Understanding the Difference Between Data Privacy and Data Security

by | Mar 12, 2019 | Crash course on privacy, Data privacy, Data Privacy Solutions, Privacy Courses

This is the first blog in our Crash Course in Privacy series.


Privacy is all over the news these days, from Facebook scandals to European fines associated with failing to comply with GDPR. This is caused, in part, because protecting the privacy of your customer’s data is a complex issue that requires an understanding of two very important terms that are often used interchangeably: Privacy and Security.

“Data security refers to the protection of data from unauthorized access, use, change, disclosure, and destruction.” (Carnegie Mellon University) It encompasses network security, physical security, and file security. Some standard techniques to secure data are encryption, multi-factor authentication, and access controls. Encryption encodes data so that only authorized users can decrypt it with an encryption key.

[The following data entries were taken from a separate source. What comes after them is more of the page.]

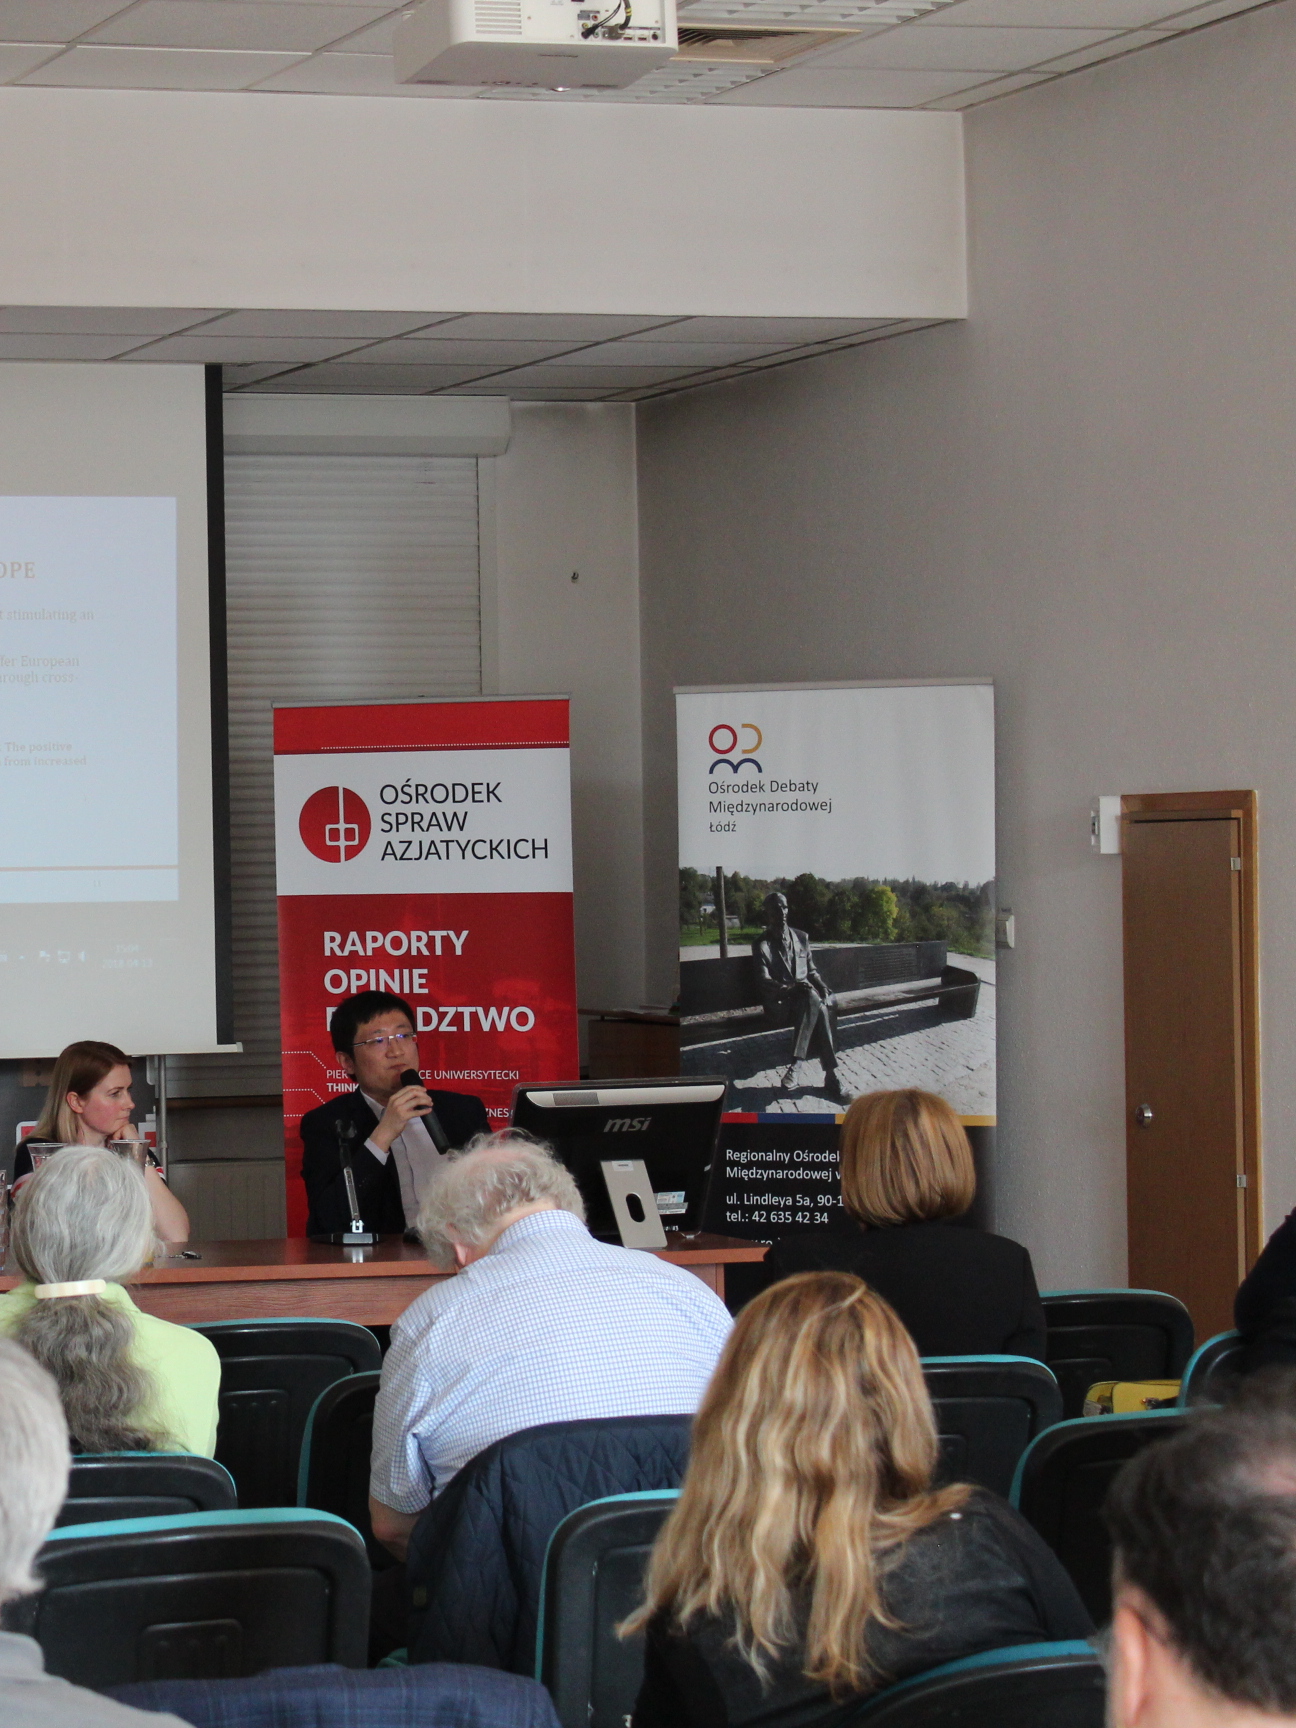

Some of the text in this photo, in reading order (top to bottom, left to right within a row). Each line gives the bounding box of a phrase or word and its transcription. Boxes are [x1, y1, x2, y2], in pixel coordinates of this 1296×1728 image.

[6, 608, 77, 623] stimulating
[79, 611, 94, 620] an
[20, 655, 79, 669] European
[5, 743, 25, 753] The
[28, 742, 72, 755] positive
[3, 757, 31, 767] from
[33, 756, 86, 767] increased
[380, 778, 502, 805] OŚRODEK
[708, 780, 819, 794] Ośrodek Debaty
[709, 798, 832, 816] Międzynarodowej
[380, 811, 468, 832] SPRAW
[709, 821, 737, 833] Łódź
[381, 838, 549, 861] AZJATYCKICH
[324, 930, 470, 956] RAPORTY
[324, 968, 429, 994] OPINIE
[326, 1006, 535, 1033] DZTWO
[434, 1070, 519, 1080] UNIWERSYTECKI
[603, 1116, 652, 1133] msi
[726, 1149, 790, 1163] Regionalny
[726, 1167, 832, 1182] Międzynarodowej
[726, 1193, 844, 1208] ul. Lindleya 5a, 90-1
[726, 1210, 829, 1224] tel.: 42 635 42 34
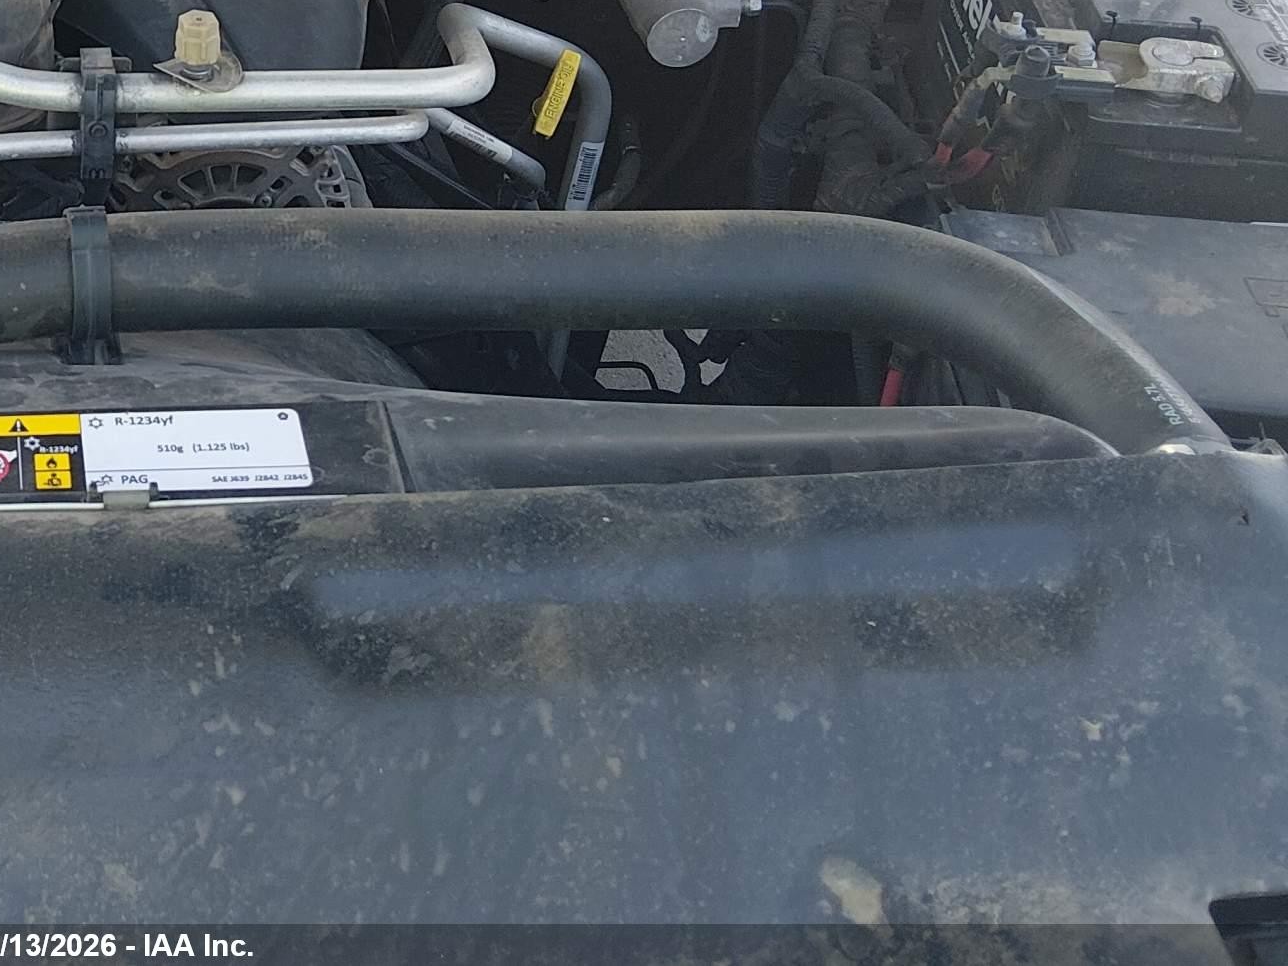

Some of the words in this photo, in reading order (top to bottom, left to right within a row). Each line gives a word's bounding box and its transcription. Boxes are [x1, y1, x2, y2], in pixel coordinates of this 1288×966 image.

[544, 80, 566, 120] ENGINE
[560, 64, 574, 79] OIL
[1158, 403, 1184, 425] RAD
[115, 415, 173, 426] R-1234yf
[39, 445, 78, 454] R-1234yf
[157, 444, 184, 453] 510g
[192, 442, 227, 452] (1.125
[230, 442, 250, 452] lbs)
[121, 474, 149, 484] PAG
[212, 475, 228, 483] SAE

Multi-factor authentication requires users to provide two or more pieces of evidence that prove they have permission to access the data. Access controls restrict users’ ability to access data until they have provided the correct credentials. Creating a comprehensive data security policy is critical, but it is not sufficient because:

  • Breaches can occur when the standard techniques fail. For example, if the encryption key was obtained or if unauthorized access occurred, as was the case in the Marriott data breach.
  • The standard techniques for securing data makes it difficult, and in some cases, impossible to extract analytical value from the data.
  • Analysis of encrypted data is not practical. Therefore, organizations decrypt, and the data becomes exposed during analysis.

Data Privacy involves protecting consumer data by eliminating or reducing the possibility of re-identifying an individual whose information is present in the data. This is done by either removing specific information or by transforming the data with random “noise” or generalization. Privacy regulations, like GDPR, refer to two different privacy measures that can be used to protect privacy:

  • Pseudonymization – a data management procedure by which personally identifiable information(PII) fields within a consumer’s data record are replaced by one or more artificial identifiers, or pseudonyms, and can be recalled at a later date to re-identify the record.
  • Anonymization – the process of removing any identifiable information from consumer data, such that individuals are no longer re-identifiable.

The key to managing data privacy is understanding the trade-off between protecting privacy and retaining analytical value. The techniques to protect privacy transform the original data by making it more general. The more general the data becomes, the less useful it is for analysis, but the more protected it is from re-identification. It is important to have a quantifiable measure of how these techniques impact the analytical value of your data.

Traditionally, organizations have focused more on security than privacy, locking data behind passwords and access control. However, to fully protect the data, organizations need to consider a combination of privacy and security techniques that help them comply with regulations, protect privacy, reduce the risk of consumer exposure, and increase ROI on their digital strategies.